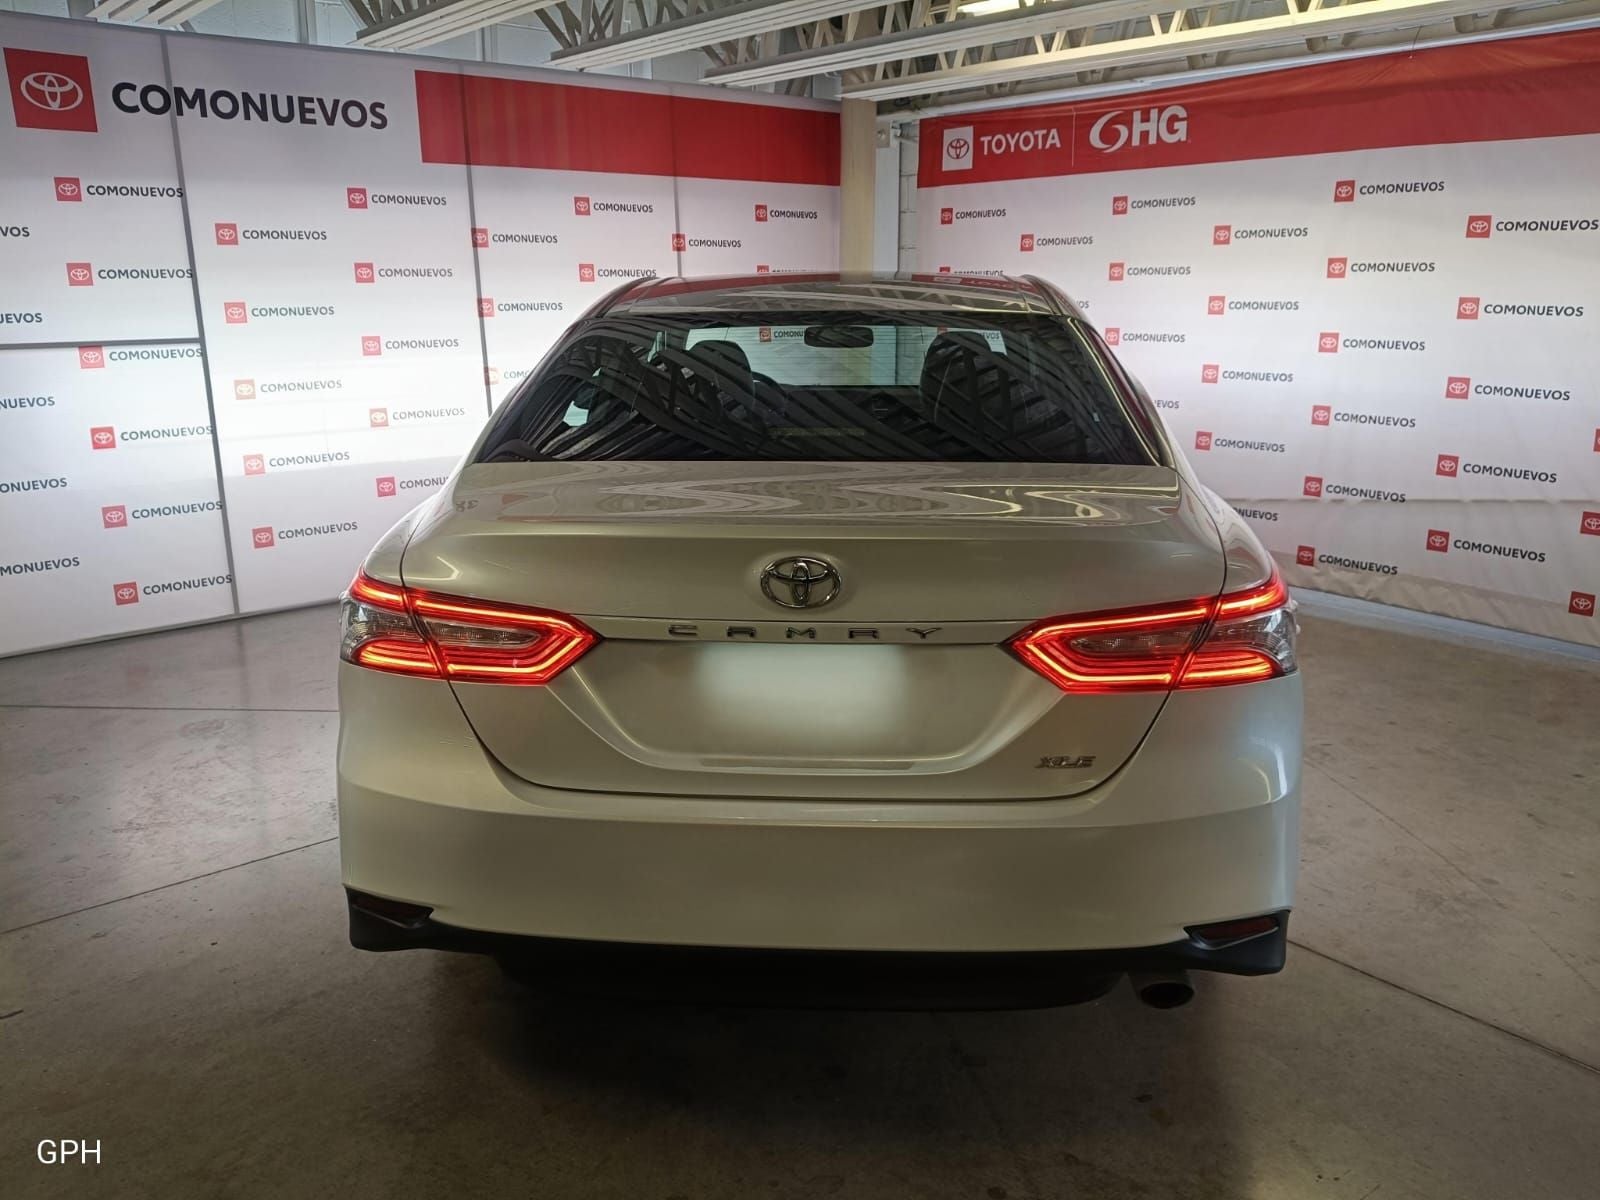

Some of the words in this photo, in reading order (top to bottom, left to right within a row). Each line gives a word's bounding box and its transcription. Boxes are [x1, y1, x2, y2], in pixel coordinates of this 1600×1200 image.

[111, 82, 389, 130] COMONUEVOS
[980, 129, 1061, 155] TOYOTA
[86, 184, 184, 198] COMONUEVOS
[1360, 181, 1444, 195] COMONUEVOS
[372, 194, 446, 205] COMONUEVOS
[1131, 197, 1195, 209] COMONUEVOS
[594, 203, 653, 213] COMONUEVOS
[955, 209, 1006, 219] COMONUEVOS
[770, 210, 817, 219] COMONUEVOS
[1496, 220, 1598, 231] COMONUEVOS
[243, 230, 327, 240] COMONUEVOS
[492, 234, 557, 243] COMONUEVOS
[1235, 228, 1308, 238] COMONUEVOS
[689, 239, 741, 248] COMONUEVOS
[1037, 236, 1093, 246] COMONUEVOS
[378, 268, 452, 277] COMONUEVOS
[597, 268, 657, 278] COMONUEVOS
[1127, 266, 1190, 276] COMONUEVOS
[1351, 262, 1435, 272] COMONUEVOS
[98, 268, 193, 280] COMONUEVOS
[251, 306, 334, 317] COMONUEVOS
[498, 303, 562, 311] COMONUEVOS
[1229, 301, 1299, 310] COMONUEVOS
[1484, 304, 1583, 317] COMONUEVOS
[1123, 333, 1185, 342] COMONUEVOS
[386, 339, 459, 349] COMONUEVOS
[1343, 339, 1425, 351] COMONUEVOS
[109, 347, 203, 361] COMONUEVOS
[1222, 371, 1293, 382] COMONUEVOS
[260, 380, 342, 392] COMONUEVOS
[1475, 385, 1570, 400] COMONUEVOS
[393, 408, 464, 420] COMONUEVOS
[1334, 413, 1415, 428] COMONUEVOS
[120, 425, 214, 441] COMONUEVOS
[1215, 439, 1285, 452] COMONUEVOS
[269, 452, 350, 467] COMONUEVOS
[1463, 464, 1556, 483] COMONUEVOS
[398, 476, 451, 490] COMONU
[1325, 483, 1407, 502] COMONUEVOS
[131, 501, 224, 519] COMONUEVOS
[278, 522, 358, 539] COMONUEVOS
[1454, 540, 1545, 562] COMONUEVOS
[1319, 555, 1398, 575] COMONUEVOS
[142, 574, 233, 595] COMONUEVOS
[668, 624, 943, 640] CAMRY
[1036, 755, 1096, 769] XLE
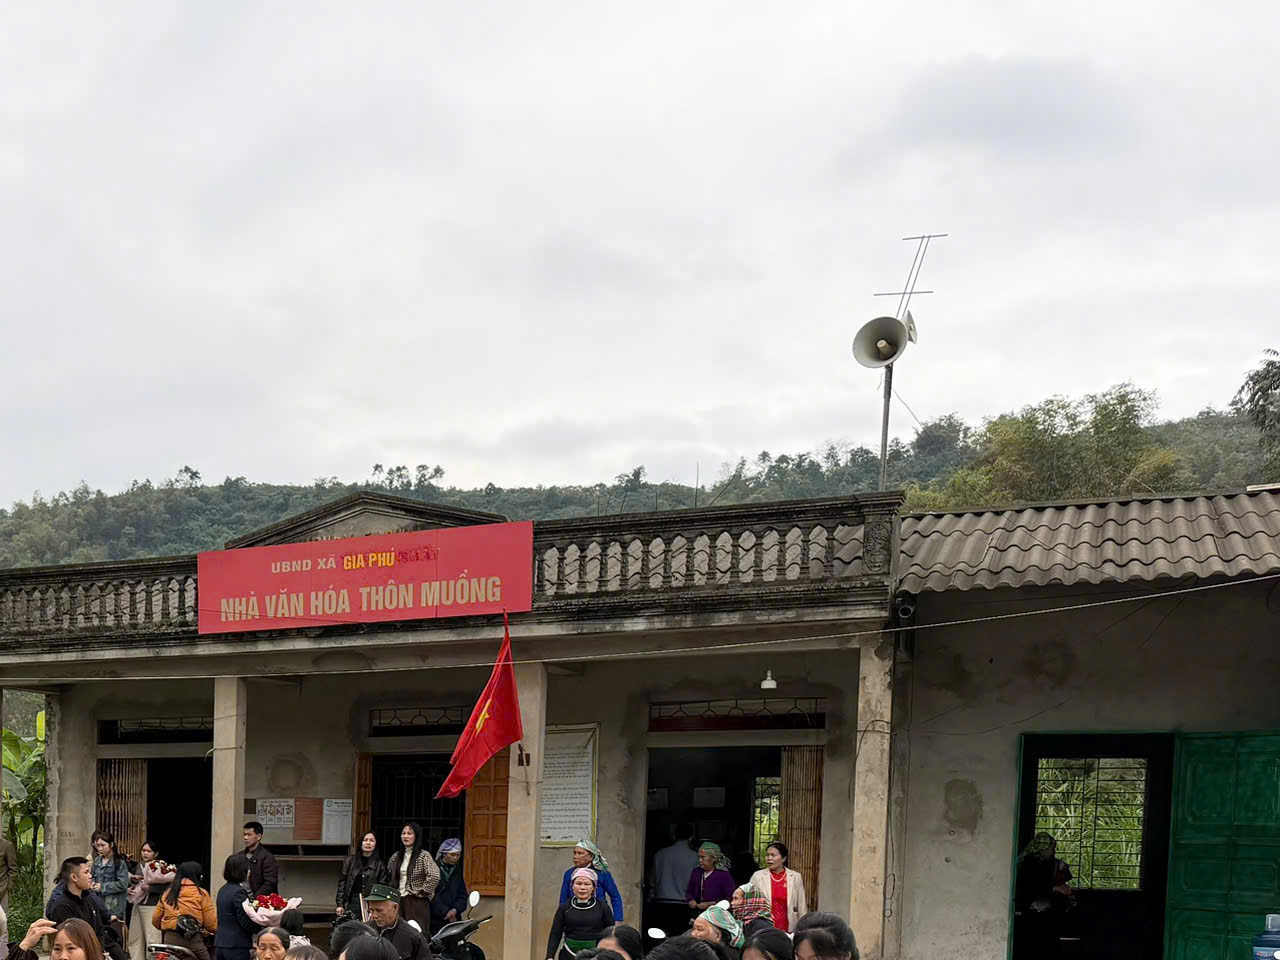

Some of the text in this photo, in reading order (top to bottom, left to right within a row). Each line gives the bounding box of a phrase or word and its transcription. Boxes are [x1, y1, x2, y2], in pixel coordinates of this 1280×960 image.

[271, 560, 312, 574] UBND
[317, 553, 337, 569] XÃ
[343, 553, 365, 570] GIA
[220, 591, 260, 622] NHÀ
[264, 587, 305, 618] VĂN
[310, 584, 351, 616] HÓA
[359, 579, 414, 612] THÔN
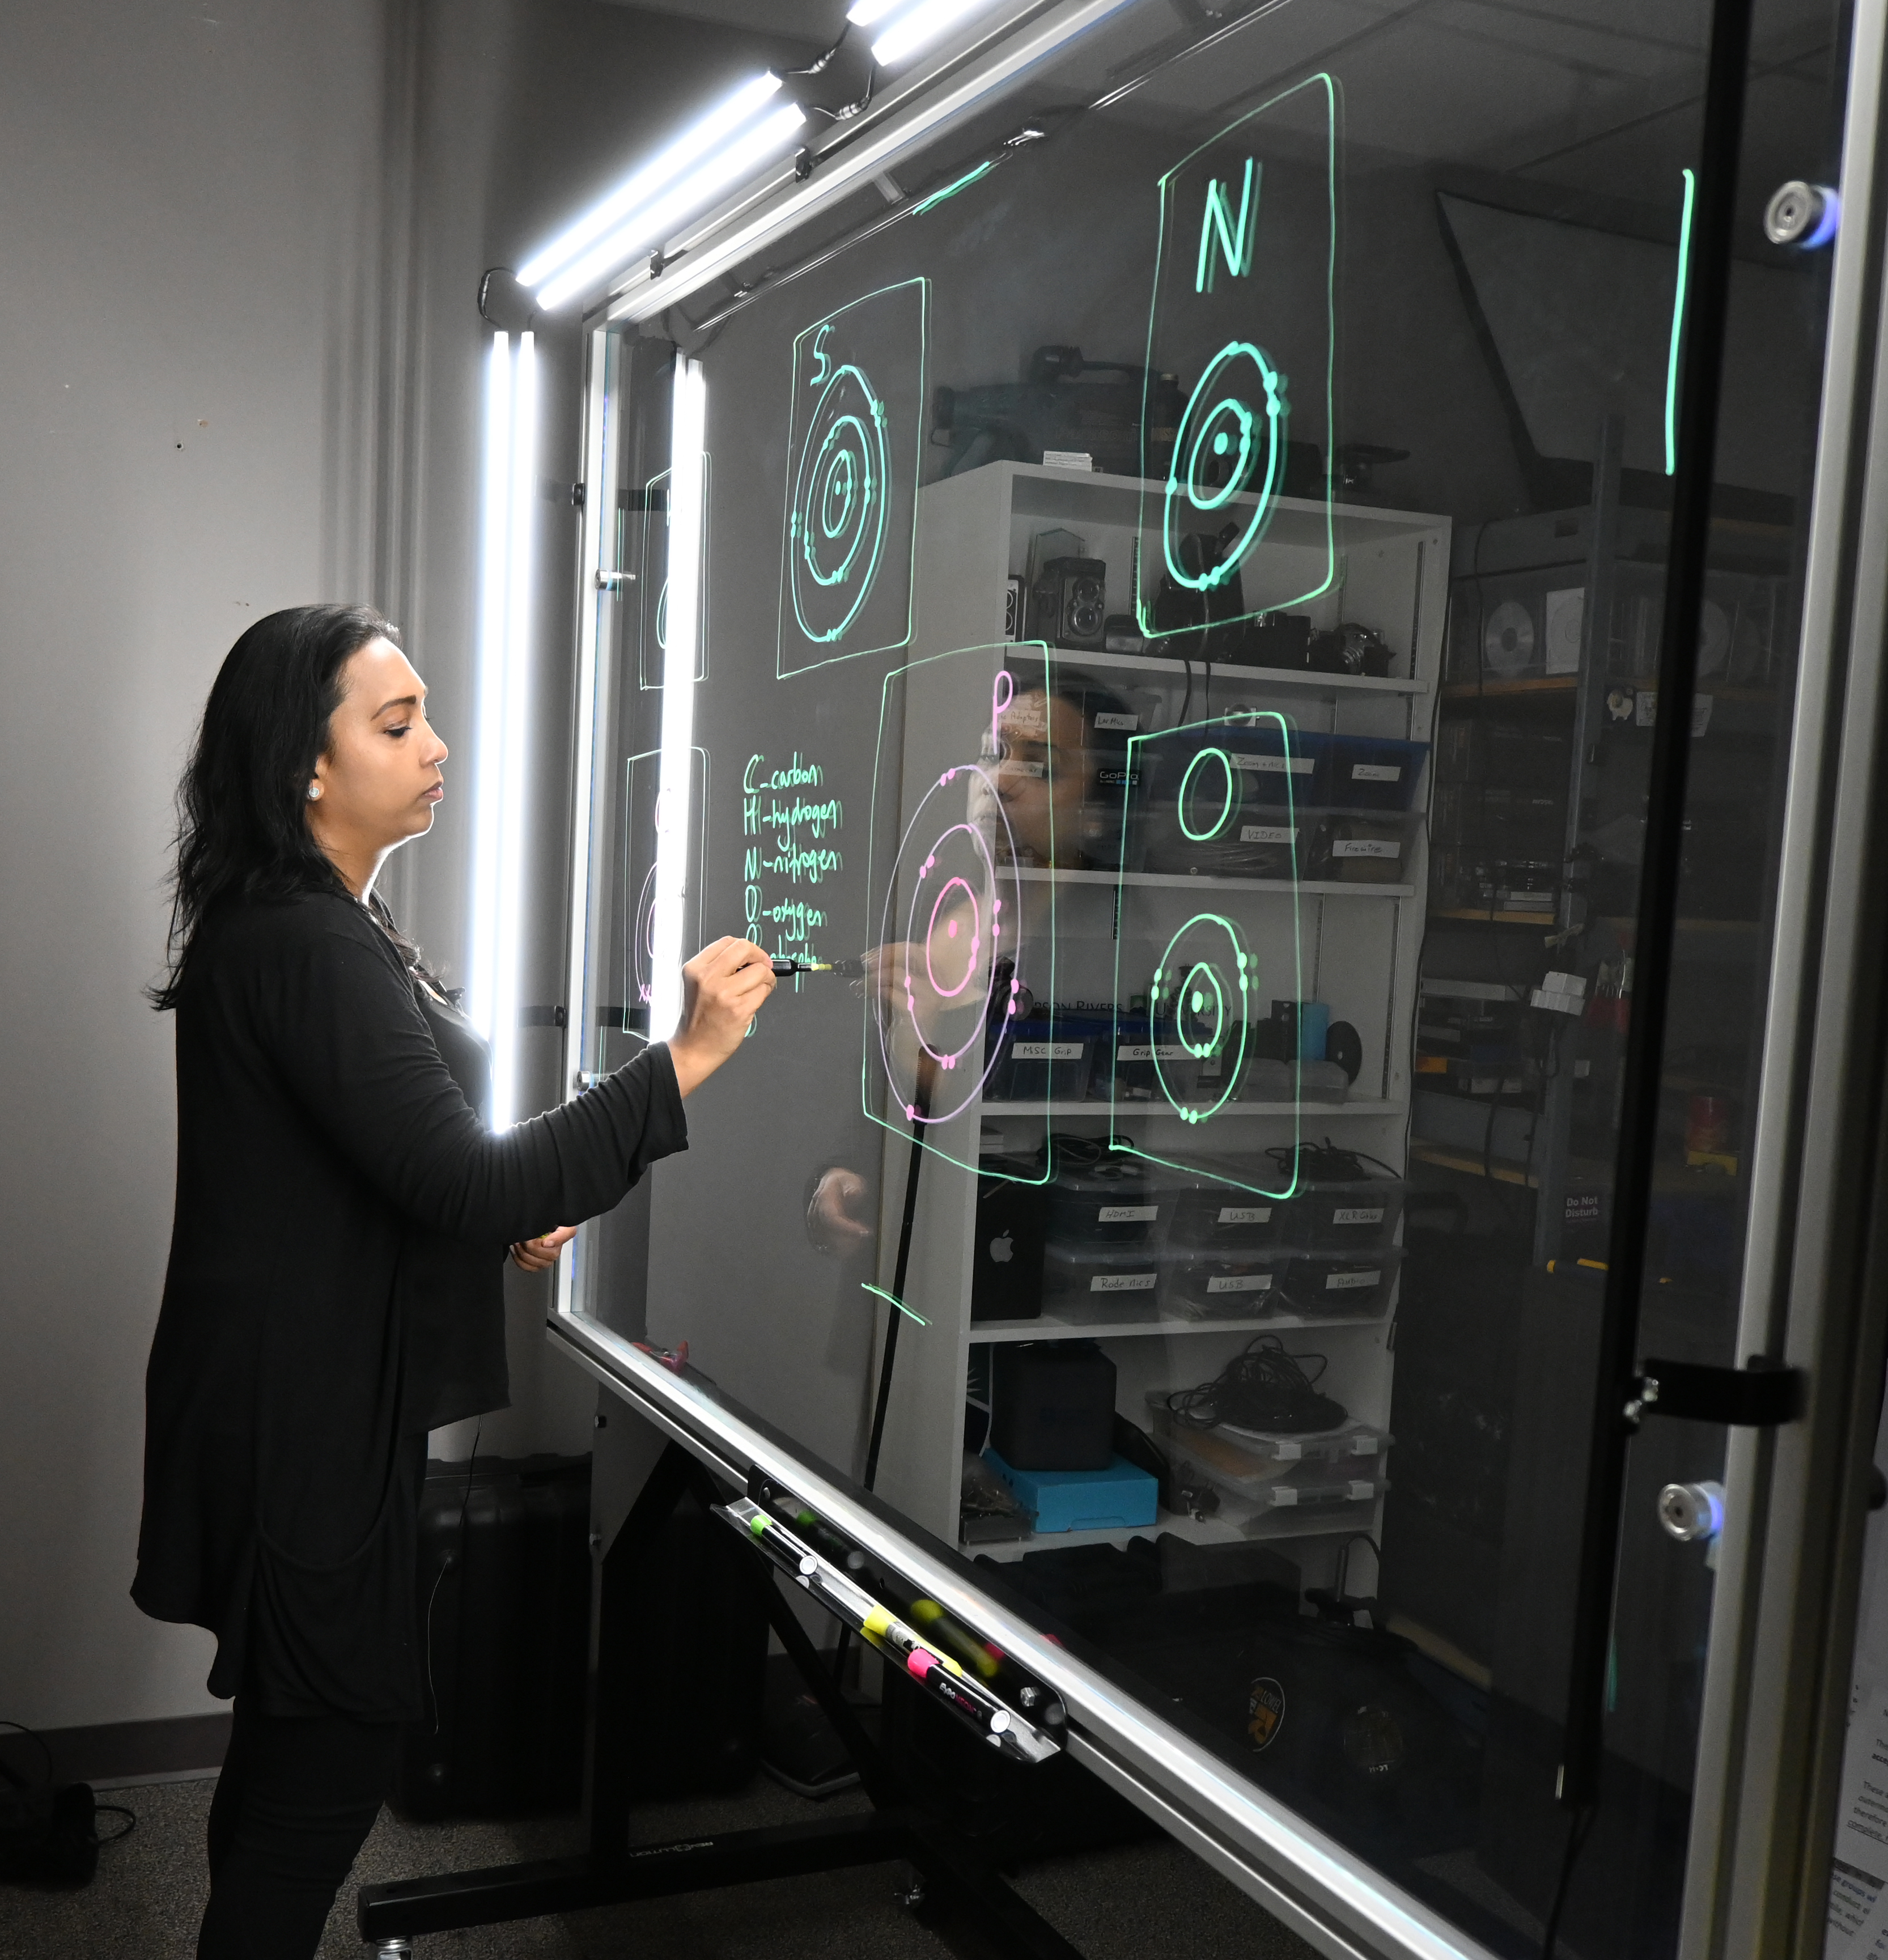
++++++++++
Task to carry out.
Nothing but the pictures should be left out when the listing above is transcribed.

Exercise result.
Some of the words in this photo, in reading order (top to bottom, left to right within a row). Each line gives a word's bounding box and its transcription. Boxes are [x1, y1, x2, y2], in pixel coordinates of this 1600×1200 image.

[111, 82, 389, 130] COMONUEVOS
[980, 129, 1061, 155] TOYOTA
[86, 184, 184, 198] COMONUEVOS
[1360, 181, 1444, 195] COMONUEVOS
[372, 194, 446, 205] COMONUEVOS
[1131, 197, 1195, 209] COMONUEVOS
[594, 203, 653, 213] COMONUEVOS
[955, 209, 1006, 219] COMONUEVOS
[770, 210, 817, 219] COMONUEVOS
[1496, 220, 1598, 231] COMONUEVOS
[243, 230, 327, 240] COMONUEVOS
[492, 234, 557, 243] COMONUEVOS
[1235, 228, 1308, 238] COMONUEVOS
[689, 239, 741, 248] COMONUEVOS
[1037, 236, 1093, 246] COMONUEVOS
[378, 268, 452, 277] COMONUEVOS
[597, 268, 657, 278] COMONUEVOS
[1127, 266, 1190, 276] COMONUEVOS
[1351, 262, 1435, 272] COMONUEVOS
[98, 268, 193, 280] COMONUEVOS
[251, 306, 334, 317] COMONUEVOS
[498, 303, 562, 311] COMONUEVOS
[1229, 301, 1299, 310] COMONUEVOS
[1484, 304, 1583, 317] COMONUEVOS
[1123, 333, 1185, 342] COMONUEVOS
[386, 339, 459, 349] COMONUEVOS
[1343, 339, 1425, 351] COMONUEVOS
[109, 347, 203, 361] COMONUEVOS
[1222, 371, 1293, 382] COMONUEVOS
[260, 380, 342, 392] COMONUEVOS
[1475, 385, 1570, 400] COMONUEVOS
[393, 408, 464, 420] COMONUEVOS
[1334, 413, 1415, 428] COMONUEVOS
[120, 425, 214, 441] COMONUEVOS
[1215, 439, 1285, 452] COMONUEVOS
[269, 452, 350, 467] COMONUEVOS
[1463, 464, 1556, 483] COMONUEVOS
[398, 476, 451, 490] COMONU
[1325, 483, 1407, 502] COMONUEVOS
[131, 501, 224, 519] COMONUEVOS
[278, 522, 358, 539] COMONUEVOS
[1454, 540, 1545, 562] COMONUEVOS
[1319, 555, 1398, 575] COMONUEVOS
[142, 574, 233, 595] COMONUEVOS
[668, 624, 943, 640] CAMRY
[1036, 755, 1096, 769] XLE

Some of the text in this photo, in reading order (top to bottom, left to right within a row). Each line gives the bounding box of a phrase or word and its transcription. Boxes are [x1, y1, x2, y2], in pixel coordinates of this 1280×960 image.

[271, 560, 312, 574] UBND
[317, 553, 337, 569] XÃ
[343, 553, 365, 570] GIA
[220, 591, 260, 622] NHÀ
[264, 587, 305, 618] VĂN
[310, 584, 351, 616] HÓA
[359, 579, 414, 612] THÔN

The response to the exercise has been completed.